Grease is often thought of as one of the best romance movies ever. The guy and girl overcome their difference to find true love, how romantic. But when you really focus on what’s happening, you’ll see that it has a horrible moral. The moral behind Grease is that in order for true love to prevail, you have to fundamentally change who you are as a person. This is a terrible message, but it’s what the movie preaches. Sandy becomes shallow and manipulative, and somehow viewers are supposed to be happy about it. But then again, the movie redeems itself with the deep lyrics that follow you to the very end.

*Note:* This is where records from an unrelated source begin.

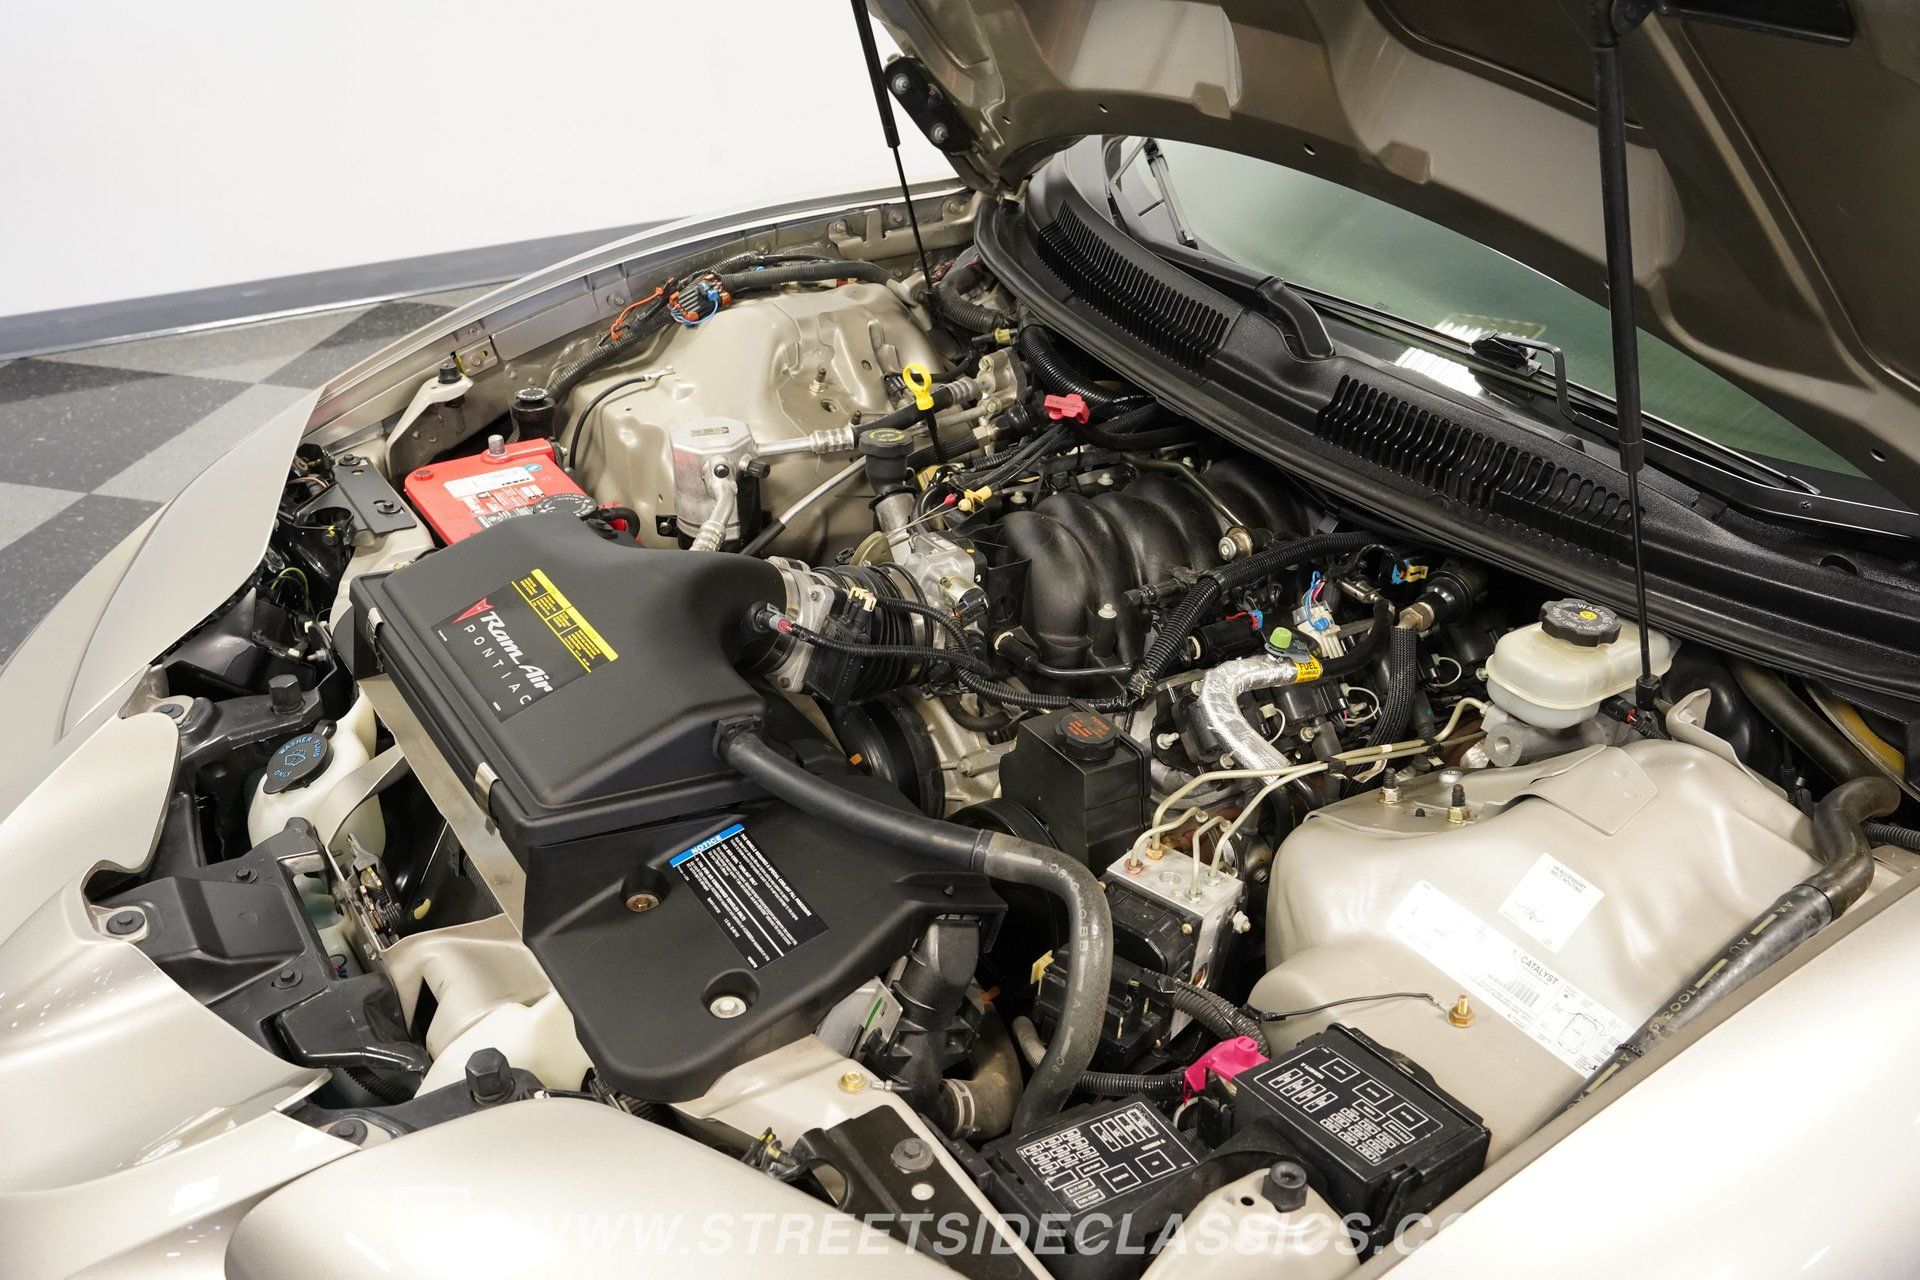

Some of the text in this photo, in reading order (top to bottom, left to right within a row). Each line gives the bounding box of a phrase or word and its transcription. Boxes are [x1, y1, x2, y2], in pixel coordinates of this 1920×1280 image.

[480, 611, 553, 693] Ram Air
[464, 624, 532, 705] PONTIAC
[1299, 662, 1319, 671] FUEL
[279, 736, 322, 758] WASHER FLUID
[274, 770, 292, 778] ONLY
[691, 834, 724, 855] NOTICE
[1521, 956, 1559, 985] CATALYST
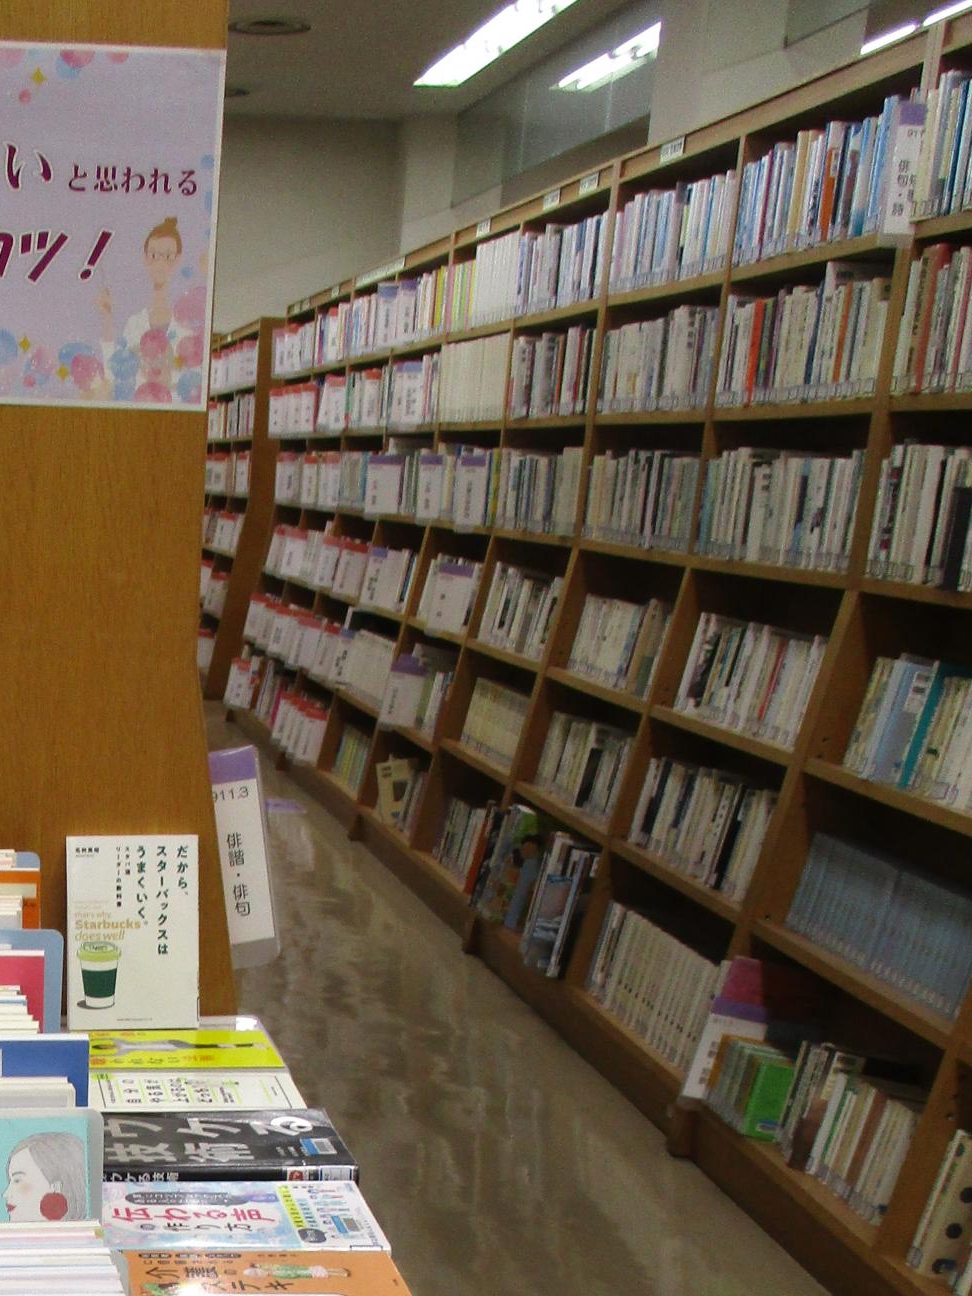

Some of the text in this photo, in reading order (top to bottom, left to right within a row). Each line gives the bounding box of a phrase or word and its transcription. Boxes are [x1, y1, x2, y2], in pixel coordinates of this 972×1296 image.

[177, 845, 190, 896] だから、
[227, 832, 251, 917] 俳諧・俳句
[136, 845, 148, 926] うまくいく。
[156, 845, 169, 956] スターバックスは
[75, 919, 141, 929] Starbucks
[75, 930, 126, 941] does well
[106, 1143, 255, 1162] 技術
[112, 1207, 276, 1222] 伝わる声
[139, 1223, 253, 1232] の作り方
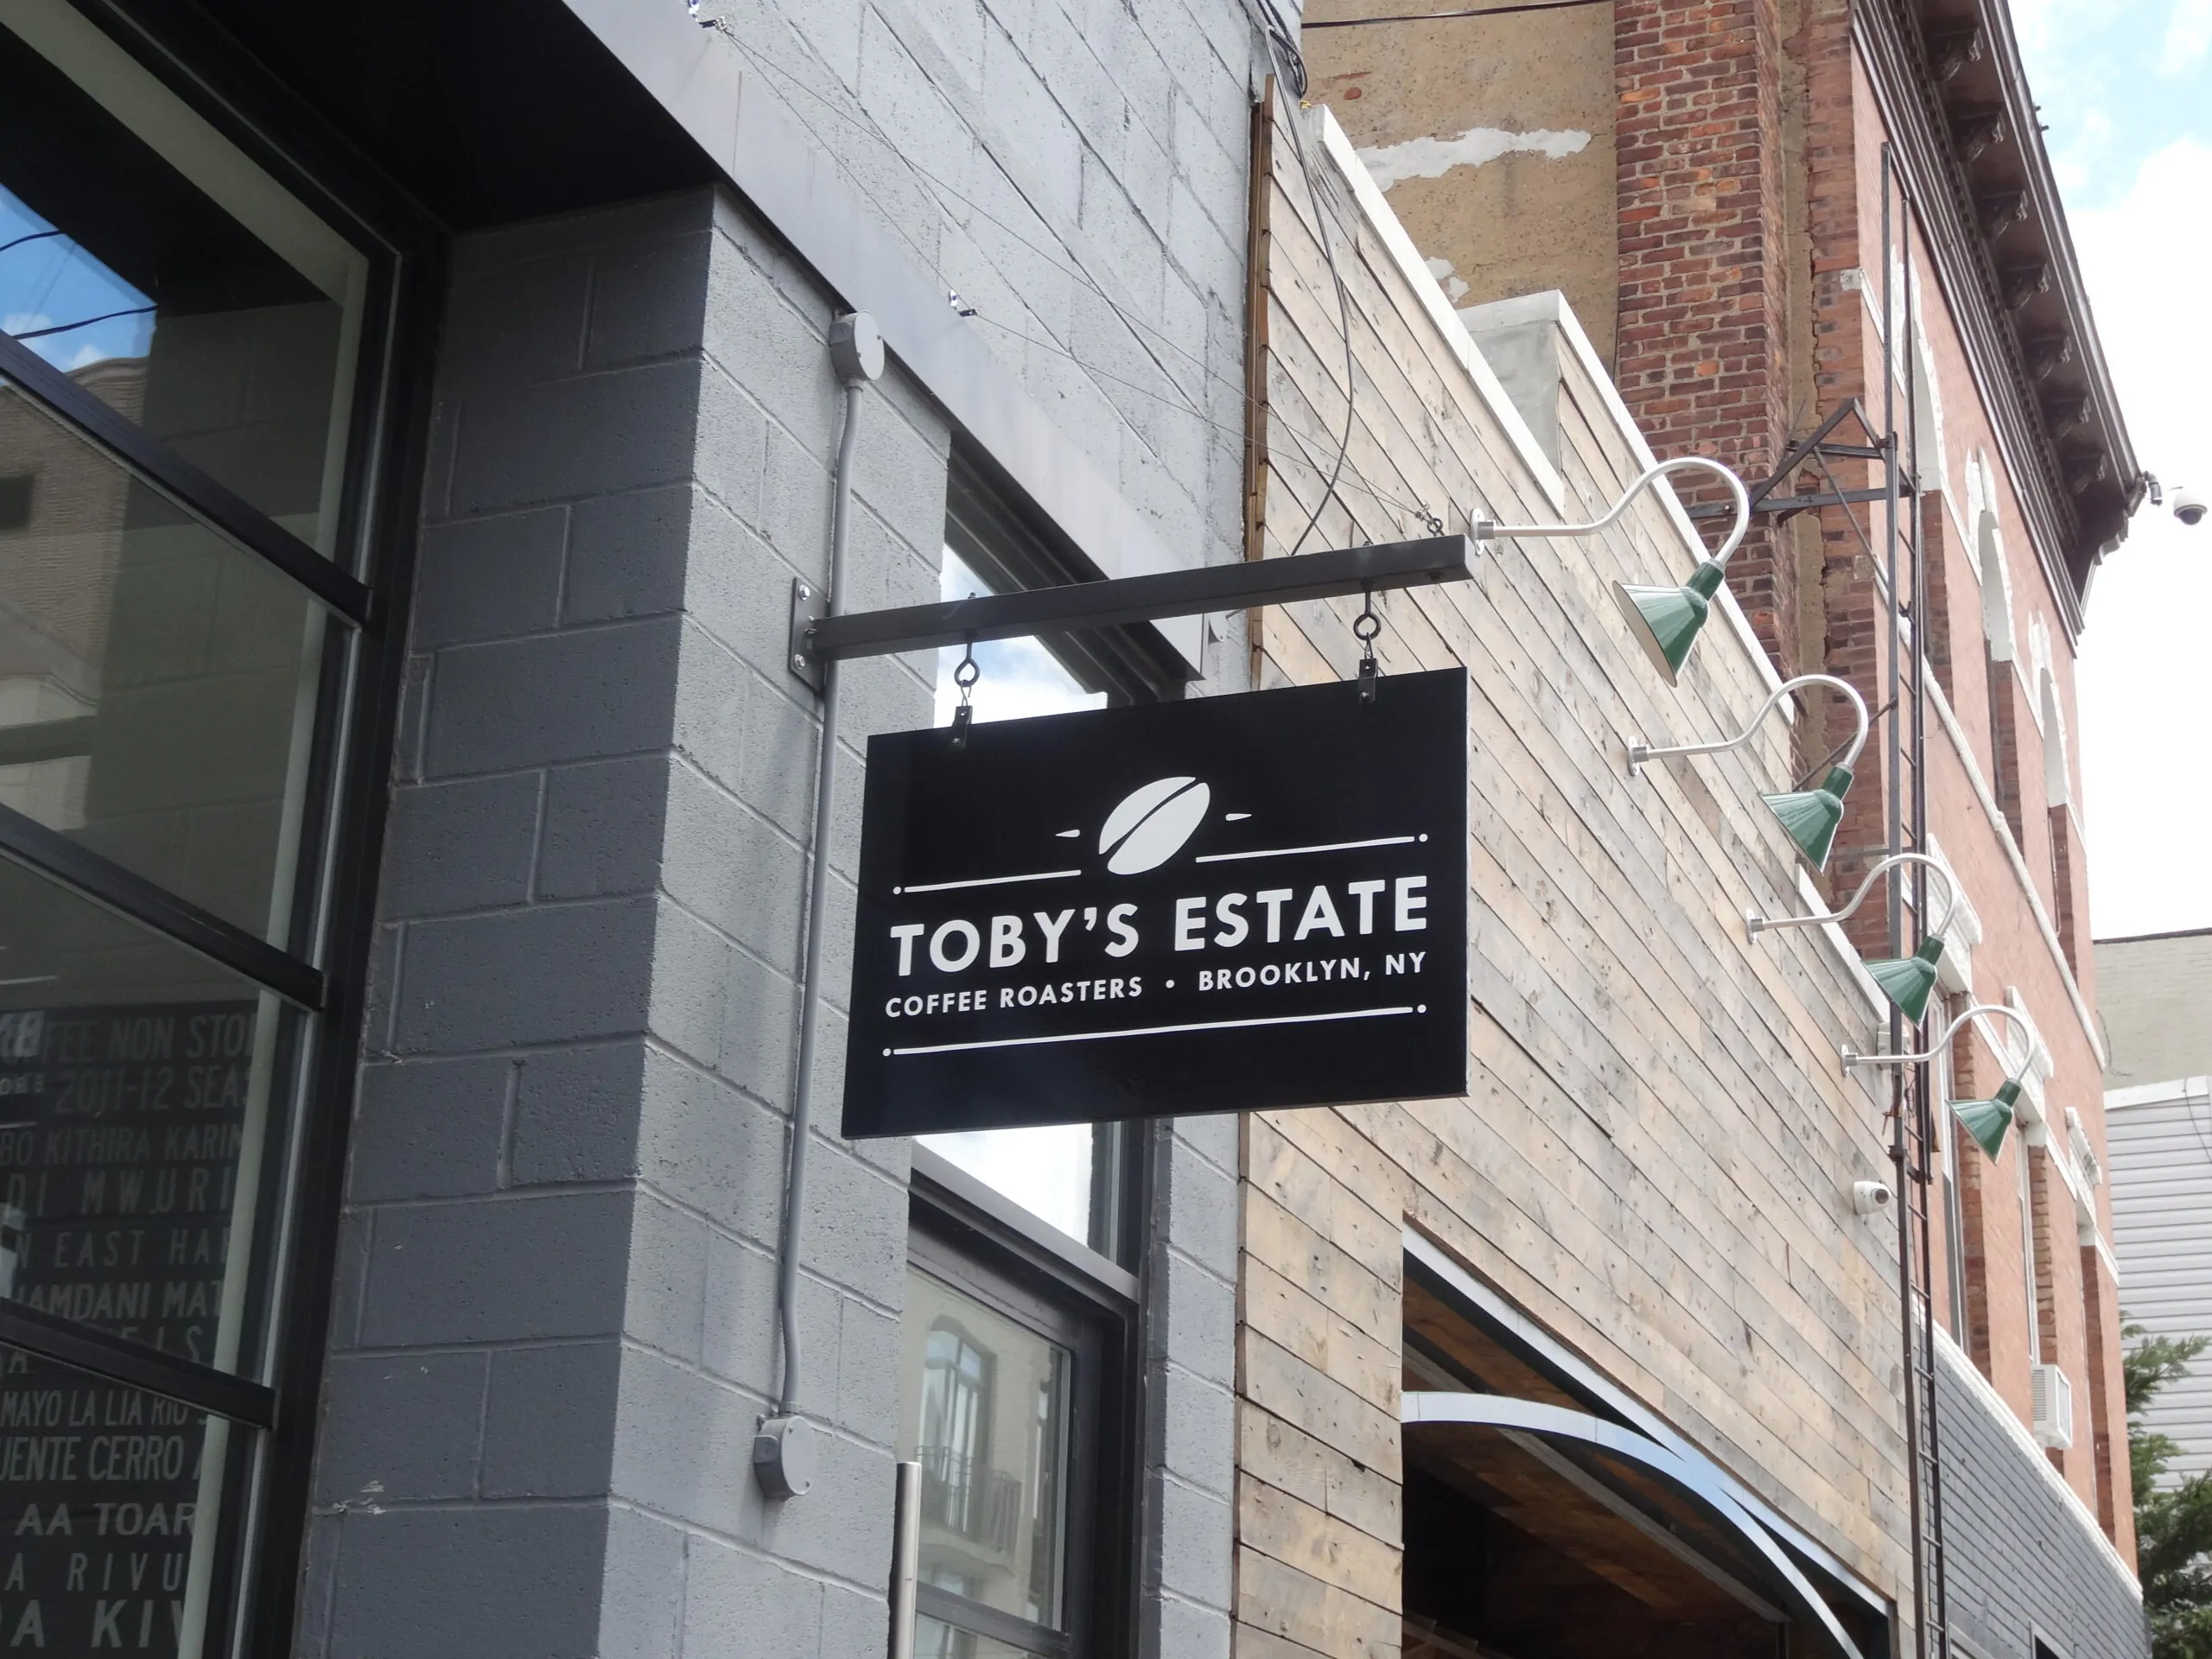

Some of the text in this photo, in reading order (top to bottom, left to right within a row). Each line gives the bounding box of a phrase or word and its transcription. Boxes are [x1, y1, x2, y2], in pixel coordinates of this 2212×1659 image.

[890, 875, 1427, 976] TOBY'S ESTATE
[885, 951, 1426, 1018] COFFEE ROASTERS BROOKLYN, NY
[110, 1017, 175, 1061] NON
[53, 1066, 175, 1115] 2011-12
[44, 1127, 150, 1165] KITHIRA
[54, 1230, 145, 1268] EAST
[68, 1389, 96, 1427] LA
[105, 1389, 143, 1427] LIA
[88, 1433, 185, 1481] CERRO
[14, 1503, 73, 1536] AA

These inspiring words are “We go together like rama lama lama ke ding a de dinga a dong remembered for ever like shoo bop shoo wadda wadda yipitty boom de boom.” Yeah, that song makes about as much sense as the rest of the movie.
1. Independence Day
Independence Day is criticized for many reasons, and while many of those criticisms are valid, one major criticism can be cleared up with some information revealed in a deleted scene. After watching Independence Day, many people complain about the scene where Jeff Goldblum’s character, David Levinson, is able to use a regular old MacBook to hack into the alien ship and disable the virus. Obviously, this makes no sense, and any attentive viewer would be asking, “How the hell did he do that?” The answer is revealed in a scene that was cut out of the final movie. In this scene, it is explained that all of our modern technology was reverse engineered from the crashed fighter. With this in mind, it makes sense how he would be able to hack into the ship. He was familiar with the alien engineering and structure of the programming language. Why they cut this vital scene out of the movie? Who knows, but it sure helps to understand the movie with that information.